Prof. Alan Filewod says he can change your perspective on reality with an object he holds concealed in his hand. The object? A red clown’s nose. When he puts it on, you can’t help but smile, maybe even laugh out loud. Your perspective has changed.

Is that theatre? Maybe. As a theatre historian, Filewod is fascinated not just by the ebb and flow of professional and popular theatre, but by the use of “performance and theatricality” to convey ideas, protest against injustice and make political statements.

He describes an incident that happened in Vancouver in 1919: a resident had become increasingly frustrated by the problem of tent caterpillars on the property beside his home and the municipal government’s reluctance to do anything about it.
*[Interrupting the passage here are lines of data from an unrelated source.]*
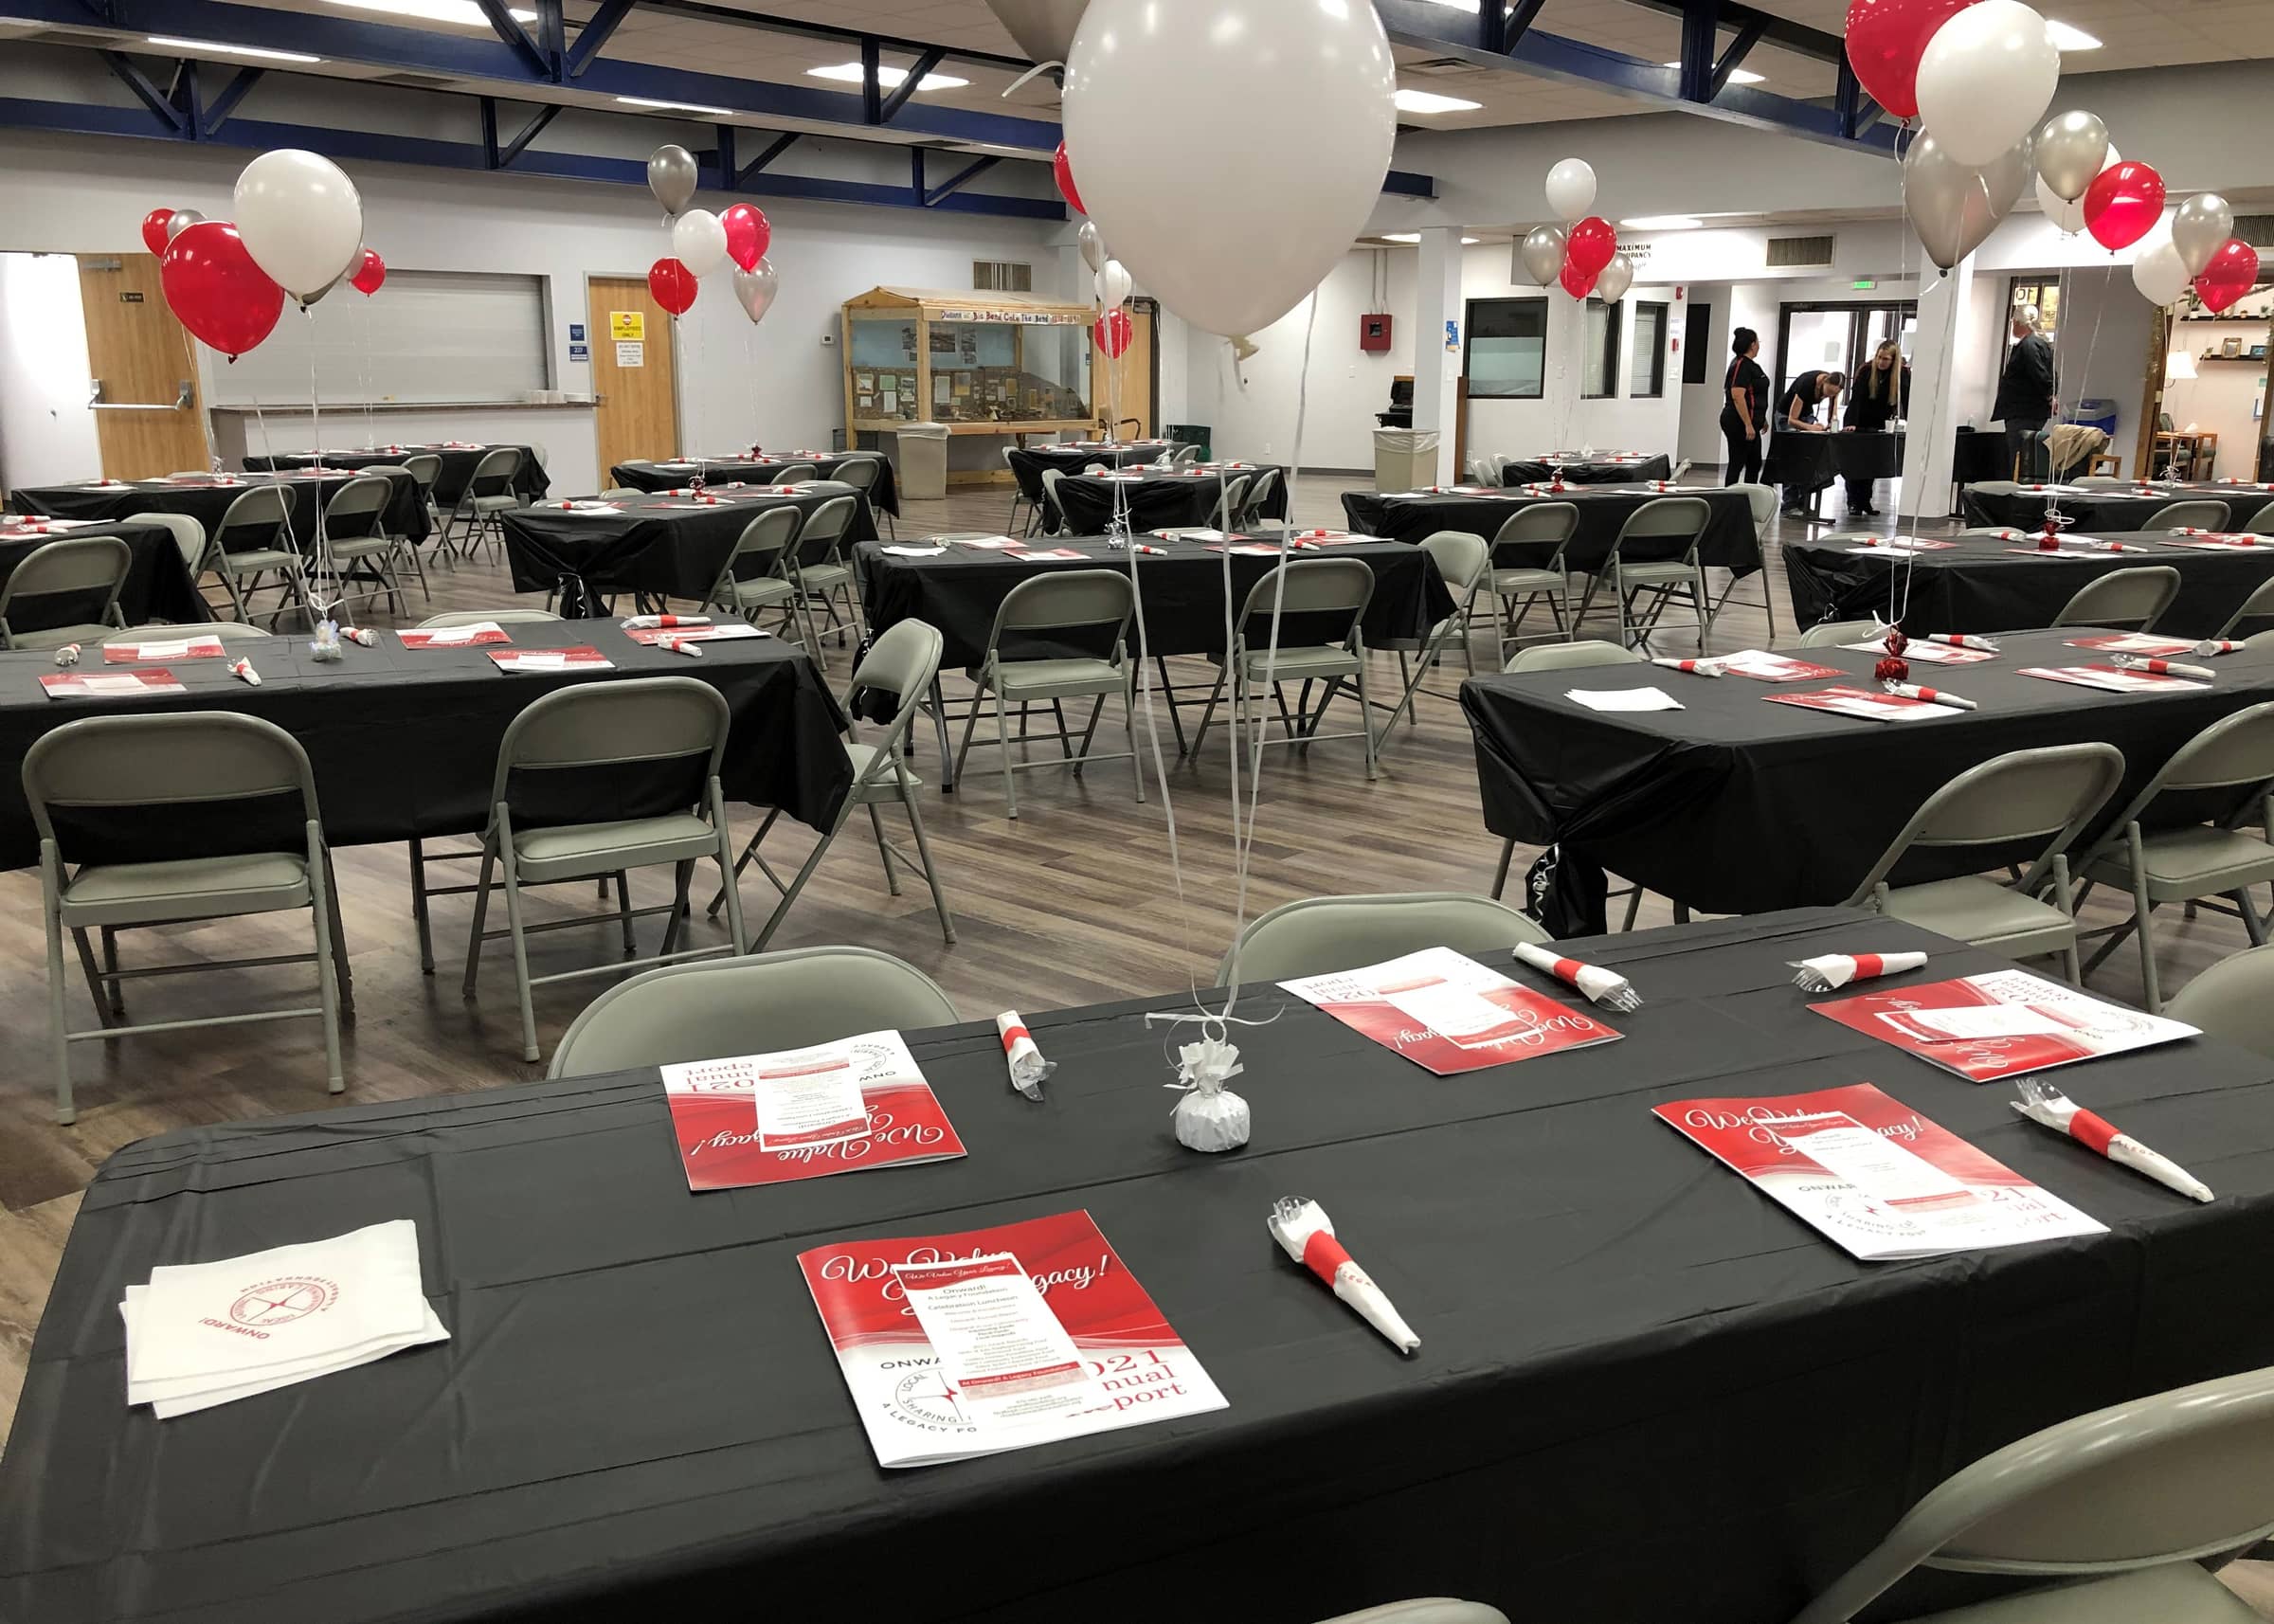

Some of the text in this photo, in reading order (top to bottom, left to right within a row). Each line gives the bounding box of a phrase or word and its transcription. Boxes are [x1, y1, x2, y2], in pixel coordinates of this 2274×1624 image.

[1616, 244, 1651, 252] MAXIMUM
[688, 1064, 753, 1076] eport
[692, 1080, 755, 1092] 021
[875, 1123, 945, 1146] We
[777, 1139, 872, 1164] Value
[935, 1292, 962, 1301] Legacy
[964, 1287, 1008, 1298] Foundation
[943, 1284, 986, 1294] Onward!
[928, 1301, 976, 1310] Celebration
[198, 1318, 271, 1340] ONWARD!
[902, 1397, 957, 1423] SHARING
[890, 1411, 948, 1433] LEGACY
He drew attention to the situation by travelling to Vancouver City Hall and presenting the mayor’s secretary (giving a little bow and flourish) with a bouquet of flowers covered in tent caterpillars.

That’s theatre, Filewod says, and follows up with another example. He points to a photograph from 1908 showing the City of Guelph’s Old Boys parade with a man dressed as a woman in the middle of the photo. “I don’t know the context of that, but there is certainly a point being made,” he says. And that’s theatre, too.
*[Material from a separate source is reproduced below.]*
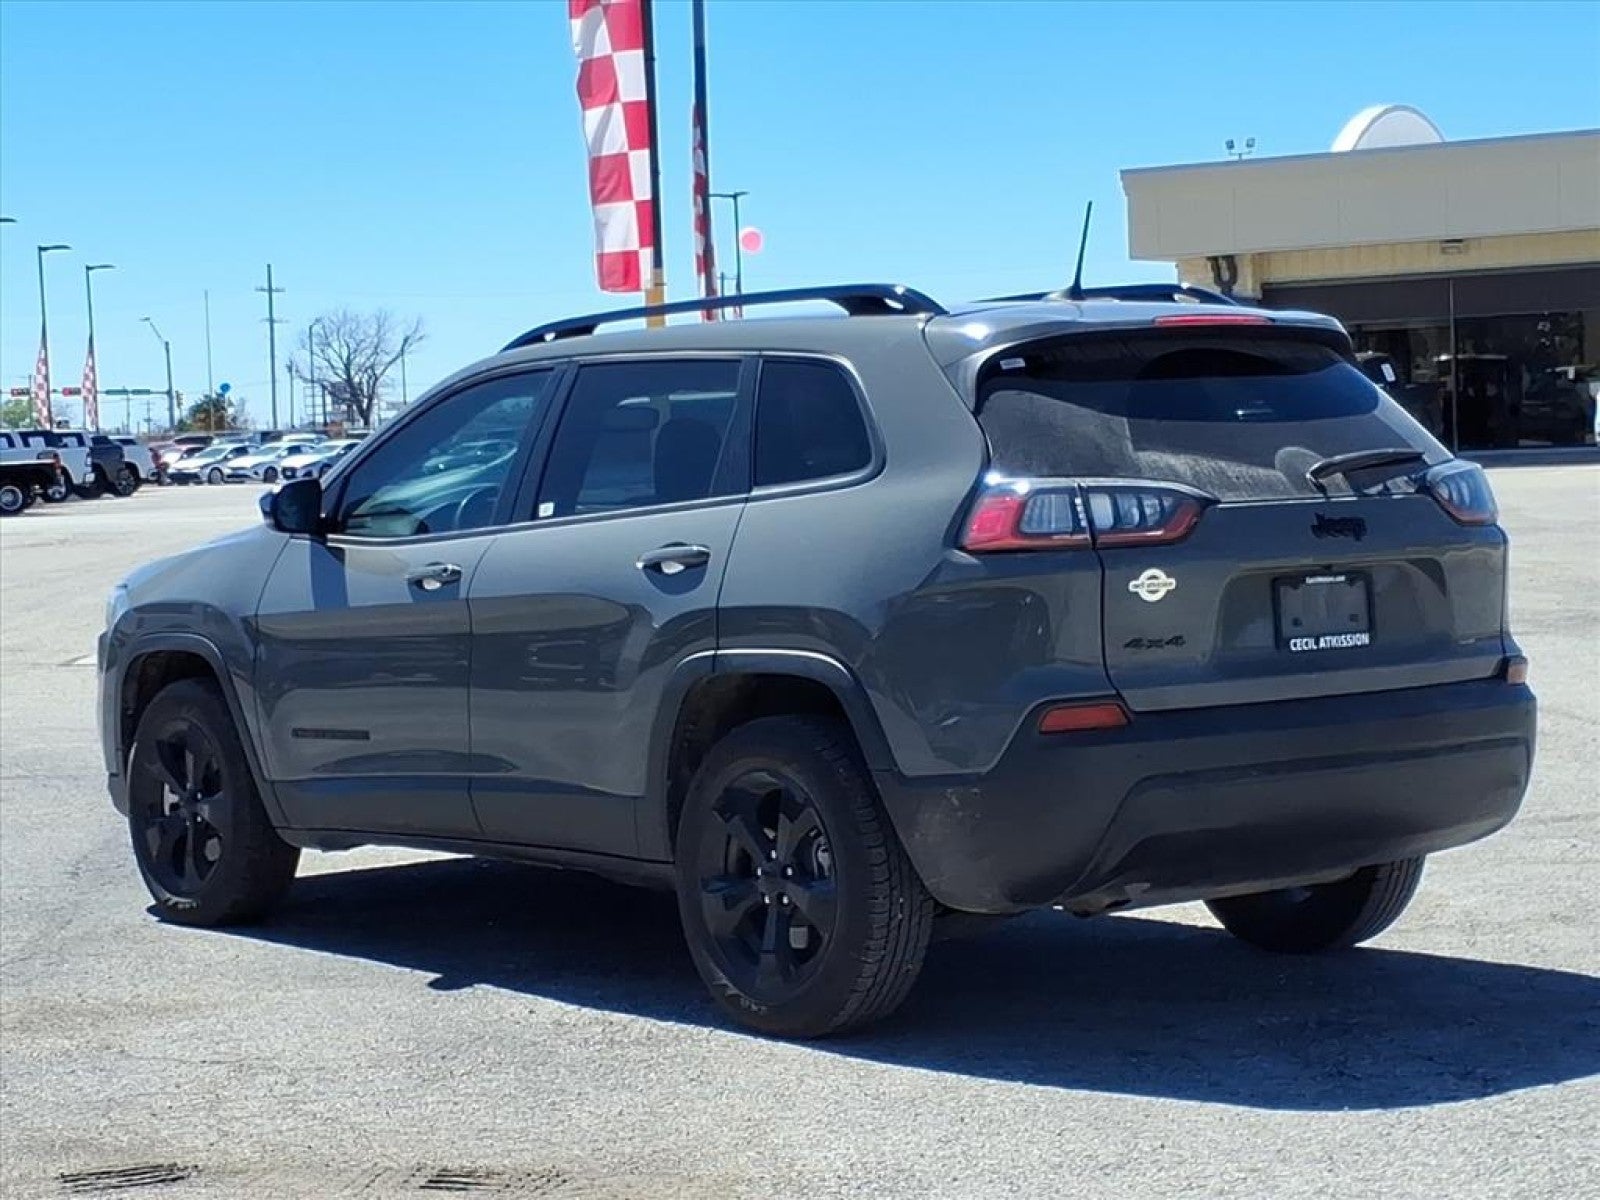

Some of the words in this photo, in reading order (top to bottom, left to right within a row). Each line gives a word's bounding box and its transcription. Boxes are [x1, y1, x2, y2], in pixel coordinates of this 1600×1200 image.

[1310, 512, 1367, 541] Jeep
[1289, 637, 1317, 651] CECIL
[1319, 632, 1370, 649] ATKISSION
The photo of the Old Boys parade and anecdote about the tent caterpillar bouquet in Vancouver are both included in his latest book, published in 2011, titled Committing Theatre: Theatre Radicalism and Political Intervention in Canada. Much of the research was culled from U of G’s archives, he says, adding, “We have an incredible archive of theatre history here. There’s so much material.”
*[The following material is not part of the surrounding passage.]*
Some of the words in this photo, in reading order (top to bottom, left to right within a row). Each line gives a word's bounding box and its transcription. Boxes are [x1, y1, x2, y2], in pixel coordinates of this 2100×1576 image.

U of G itself has a long history of using theatre to make political and protest statements.  “In the early 1900s, the OAC students were conducting mock parliaments in Massey Hall and negotiating the issues of suffrage, and the women at Macdonald Institute were doing their own shows, parodying the idea that women only came to the school to find a husband,” Filewod says.

His knowledge of the uses of theatre comes not only from rummaging through the archives, but from his personal experiences. For most of his adult life, Filewod has been “participating in theatre,” as he puts it. “When I was in my 20s, I travelled around Newfoundland doing plays with miners and fishermen and living in an old school bus,” he recalls. Today he works with students on plays and explores other theatrical forms.

Lately, Filewod has become interested in another activity rarely recognized as theatre: historical re-enactments of battles or other events. While they may not take place on a traditional stage, these events do require extensive costuming and rehearsals and often attract large audiences who watch the choreographed battles play out in open fields. “I call the re-enactors heritage guerrillas,” he says. “I think there’s no real difference between being a War of 1812 re-enactor or a devoted Star Trek fan who dresses in costume at conferences.”

And like the other theatrical performances Filewod describes, these also convey a message. Re-enactments, he says, are about fixing a particular reading on the past. “The values we see inscribed in these events are the heroic values of frontline, masculinist combat,” he says. “It’s a very conservative type of guerrilla theatre.”

There’s also a fetish for authenticity and getting every detail right in both the re-enactors and the Star Trek fans, he adds.